Switch to Threaded View
Kafka >> mail # user >> consumer may lose data


Copy link to this message
-
consumer may lose data
Hi there this is my first experience w/kafka.  We've deployed it in production (soft release) and using it to create a realtime stream of data--we love it so far.

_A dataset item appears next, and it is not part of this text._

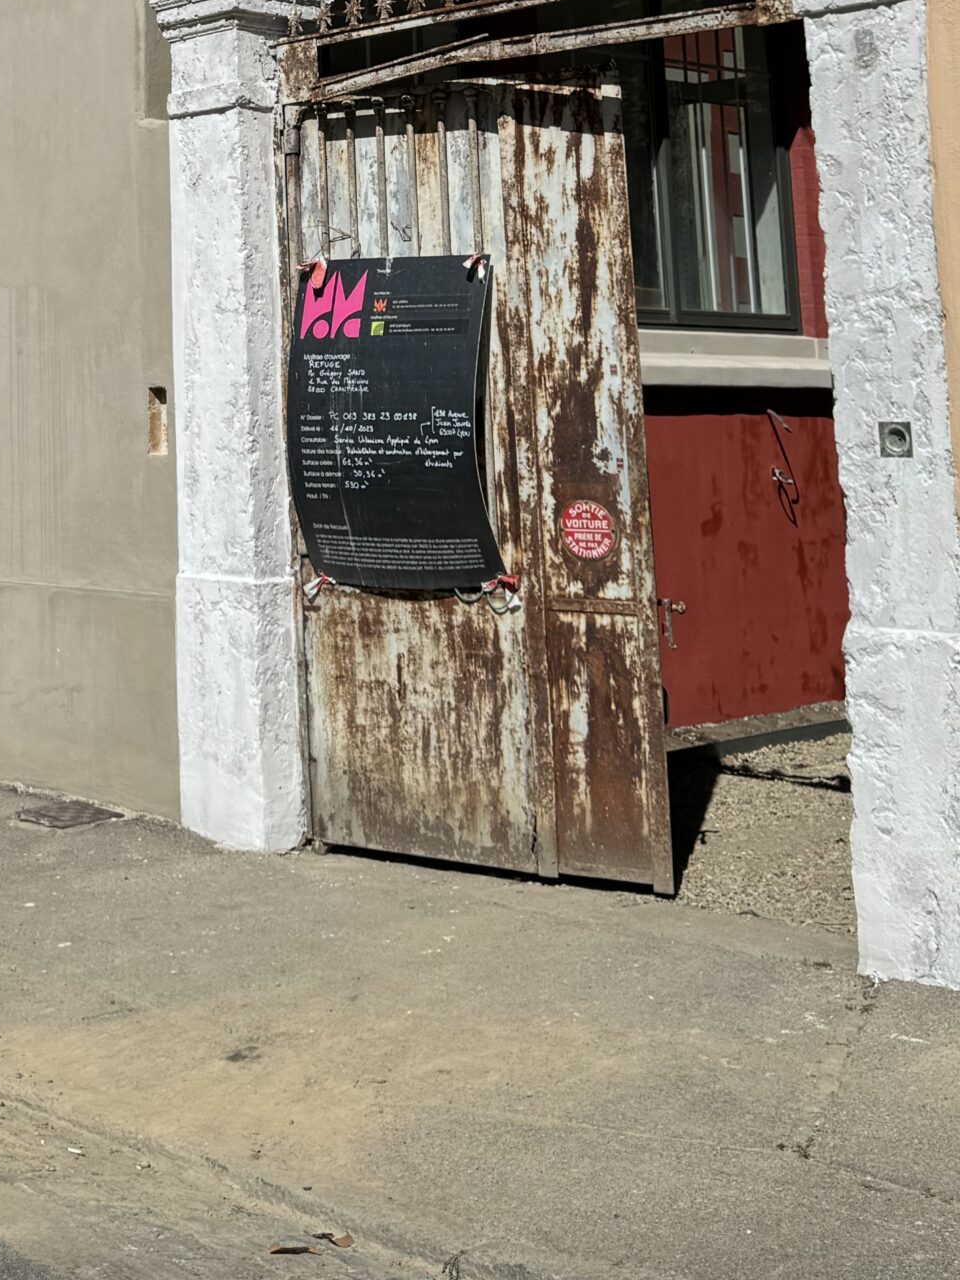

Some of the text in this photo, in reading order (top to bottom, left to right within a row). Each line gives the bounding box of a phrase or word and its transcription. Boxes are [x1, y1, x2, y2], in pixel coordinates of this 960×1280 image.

Running in production we are seeing these types of messages every once in a while:  

[2012-06-09 09:02:36,051] ERROR [pool-1-thread-4] (ConsumerIterator.scala 74) - consumed offset: 22013667532 doesn't match fetch offset: 21008498593 for firehose:1-23: fetched offset = 22013667532: consumed offset = 22013667532;
 Consumer may lose data
[2012-06-09 09:22:48,520] ERROR [pool-1-thread-4] (ConsumerIterator.scala 74) - consumed offset: 21013192930 doesn't match fetch offset: 21475567914 for firehose:1-3: fetched offset = 22021419503: consumed offset = 21013192930;
 Consumer may lose data
[2012-06-09 09:42:34,342] ERROR [pool-1-thread-1] (ConsumerIterator.scala 74) - consumed offset: 21017992042 doesn't match fetch offset: 21477363255 for firehose:1-5: fetched offset = 22029075985: consumed offset = 21017992042;
 Consumer may lose data
[2012-06-09 09:46:50,599] ERROR [pool-1-thread-1] (ConsumerIterator.scala 74) - consumed offset: 21017498912 doesn't match fetch offset: 21476883323 for firehose:1-7: fetched offset = 22022716494: consumed offset = 21017498912;
 Consumer may lose data
[2012-06-09 09:50:54,912] ERROR [pool-1-thread-1] (ConsumerIterator.scala 74) - consumed offset: 21016428723 doesn't match fetch offset: 21475750245 for firehose:1-4: fetched offset = 22027573299: consumed offset = 21016428723;
 Consumer may lose data
[2012-06-09 09:58:29,709] ERROR [pool-1-thread-1] (ConsumerIterator.scala 74) - consumed offset: 21017643906 doesn't match fetch offset: 21477006308 for firehose:1-6: fetched offset = 22025778964: consumed offset = 21017643906;
 Consumer may lose data
[2012-06-09 09:59:04,622] ERROR [pool-1-thread-4] (ConsumerIterator.scala 74) - consumed offset: 21017419393 doesn't match fetch offset: 21476749439 for firehose:1-23: fetched offset = 22025584690: consumed offset = 21017419393;

I am a bit unsure what kafka does when the consumed offset doesn't match the fetch offset.  We are using a pool of threads to consume each stream created by ConsumerConnector.createMessageStreams().  Is this kosher?